Jan. 5,2004 - Donald Berwick says our nation's world-class hospitals and doctors are delivering health care that is unsafe and unreliable. But his call to dismantle the system makes the medical establishment uneasy -- because he used to be part of it, according to a Boston Globe article on health care.
A respected voice in health care analysis, Berwicks vision is remarkable and he says attainable:
When you wanted to see your doctor, you would call in the morning and get an appointment that afternoon. And it would start on time, not an hour and three outdated People magazines later.
You would maintain control of your medical record, rather than needing a subpoena just to get a peek at it.
Hospitals would have genuine one-stop registration, and every employee would be trained to have the customer-service touch of a Ritz-Carlton concierge. No one would ask you to wear one of those open-backed johnnies.
Waiting would be kept to a minimum, because the hospital will have embraced flow management, anticipating rather than just reacting. There would be no visiting hours in the intensive care unit, since any family member could visit at any time.

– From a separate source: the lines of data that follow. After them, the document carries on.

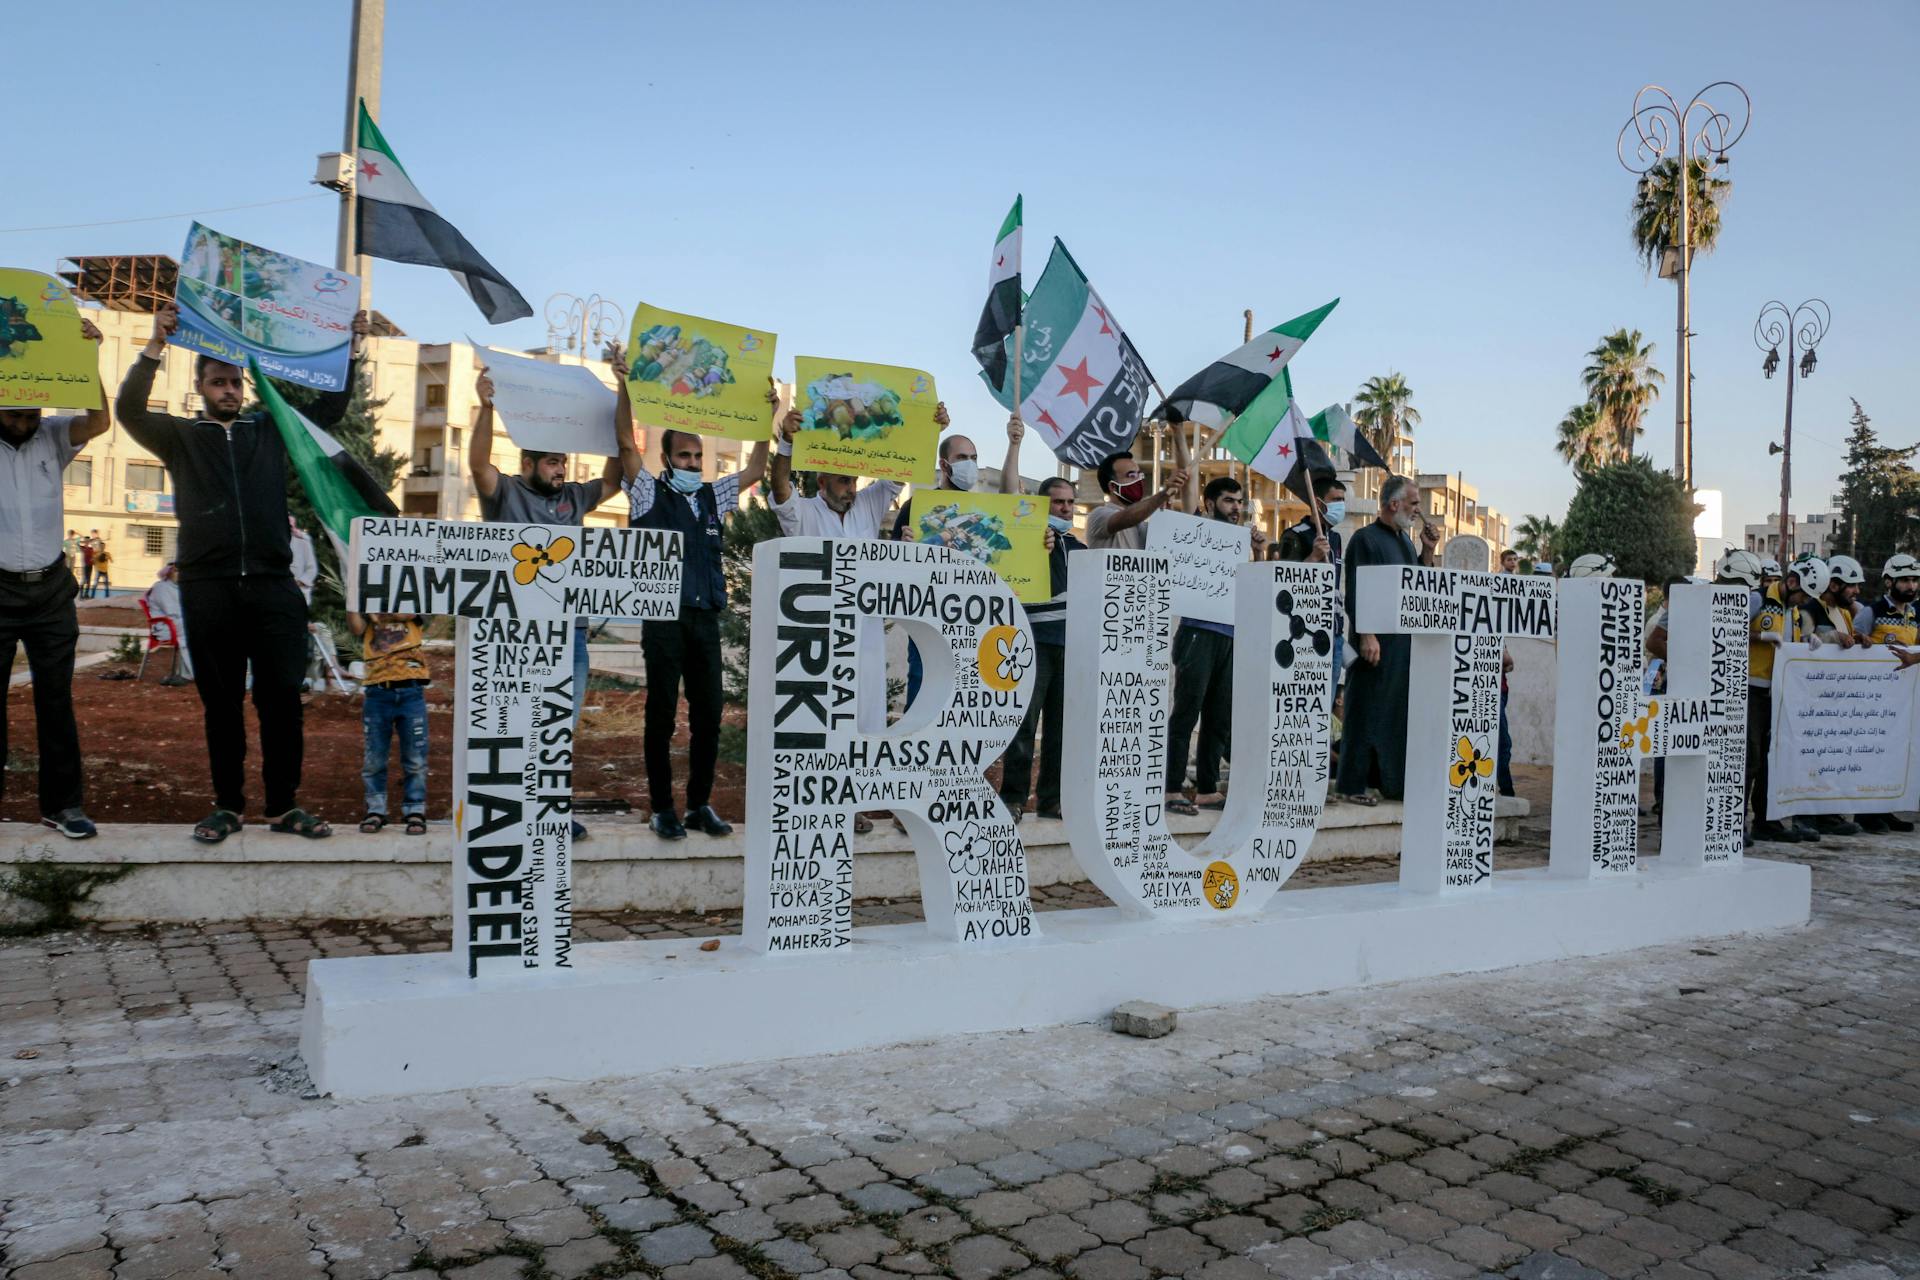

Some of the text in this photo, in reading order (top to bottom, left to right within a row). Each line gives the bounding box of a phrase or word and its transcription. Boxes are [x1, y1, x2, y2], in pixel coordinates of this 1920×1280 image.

[362, 518, 436, 538] RAHAF
[438, 524, 474, 541] NAJIB
[476, 527, 515, 542] FARES
[580, 527, 684, 562] FATIMA
[859, 542, 951, 564] ABDULLAH
[367, 547, 418, 563] SARAH
[443, 546, 489, 563] WALID
[834, 543, 856, 609] SHAM
[930, 569, 996, 586] ALI HAYAN
[1275, 566, 1318, 583] RAHAF
[1401, 567, 1457, 597] RAHAF
[359, 563, 518, 618] HAMZA
[631, 581, 680, 595] YOUSSEF
[1493, 576, 1526, 597] SARA
[1525, 580, 1551, 589] FATIMA
[563, 588, 632, 615] MALAK
[631, 599, 675, 617] SANA
[857, 581, 937, 618] GHADA
[1712, 592, 1748, 608] AHMED
[940, 593, 1015, 626] GORI
[1460, 591, 1553, 636] FATIMA
[1102, 584, 1121, 655] NOUR
[1423, 615, 1457, 631] DIRAR
[1617, 583, 1632, 659] SAMER
[1632, 584, 1642, 669] MOHAMED
[474, 619, 568, 646] SARAH
[774, 540, 834, 749] TURKI
[496, 644, 563, 667] INSAF
[1597, 581, 1618, 744] SHUROOQ
[493, 664, 525, 678] ALI
[1100, 672, 1143, 687] NADA
[1293, 671, 1328, 681] BATOUL
[1452, 635, 1472, 716] DALAL
[1709, 626, 1726, 716] SARAH
[471, 643, 489, 730] MARAM
[1471, 675, 1498, 689] ASIA
[1624, 683, 1640, 692] OLA
[952, 690, 1023, 709] ABDUL
[1106, 688, 1160, 706] ANAS
[1276, 697, 1324, 713] ISRA
[532, 696, 541, 728] DIRAR
[936, 710, 997, 728] JAMILA
[1102, 707, 1141, 719] AMER
[1670, 700, 1709, 723] ALAA
[1100, 721, 1142, 734] KHETAM
[1273, 714, 1310, 730] JANA
[1452, 718, 1490, 734] WALID
[1703, 724, 1728, 737] AMON
[536, 675, 573, 822] YASSER
[1101, 736, 1142, 753] ALAA
[1271, 732, 1312, 748] SARAH
[1671, 733, 1699, 750] JOUD
[794, 753, 848, 771] RAWDA
[849, 740, 983, 769] HASSAN
[1100, 754, 1142, 767] AHMED
[1597, 756, 1633, 768] RAWDA
[855, 768, 882, 777] RUBA
[1098, 766, 1142, 779] HASSAN
[1145, 709, 1165, 826] SHAHEED
[1707, 761, 1721, 770] OLA
[1268, 770, 1302, 789] JANA
[1602, 770, 1636, 786] SHAM
[1707, 771, 1741, 784] NIHAD
[772, 753, 791, 833] SARAH
[794, 775, 857, 805] ISRA
[855, 780, 922, 801] YAMEN
[936, 788, 970, 802] AMER
[1267, 789, 1305, 802] SARAH
[1482, 784, 1495, 793] AYA
[1602, 792, 1637, 806] FATIMA
[1105, 782, 1120, 841] SARAH
[1263, 811, 1285, 820] NOUR
[1732, 785, 1743, 853] FARES
[791, 814, 845, 830] DIRAR
[981, 825, 1015, 839] SARAH
[1474, 796, 1494, 884] YASSER
[775, 833, 849, 860] ALAA
[1252, 839, 1296, 859] RIAD
[1704, 843, 1730, 852] AMIRA
[467, 736, 523, 979] HADEEL
[1143, 861, 1169, 872] SARA
[771, 860, 820, 881] HIND
[1140, 871, 1165, 880] AMIRA
[1246, 867, 1280, 882] AMON
[957, 876, 1024, 900] KHALED
[770, 890, 819, 909] TOKA
[768, 914, 820, 929] MOHAMED
[964, 919, 1031, 942] AYOUB
[523, 916, 538, 969] FARES
[769, 934, 819, 950] MAHER

Medication errors -- overdoses, allergic reactions, and other adverse responses -- would be all but eliminated by the universal adoption of computerized drug-ordering systems. Hospitals would impose a zero-tolerance policy for workers failing to wash their hands, a move that could save upward of 10,000 lives a year.
Communication and patient-advocacy systems would put an end to horror stories like the one involving the 5-year-old boy who died at Children's Hospital last year because each of his many doctors assumed another doctor was in charge.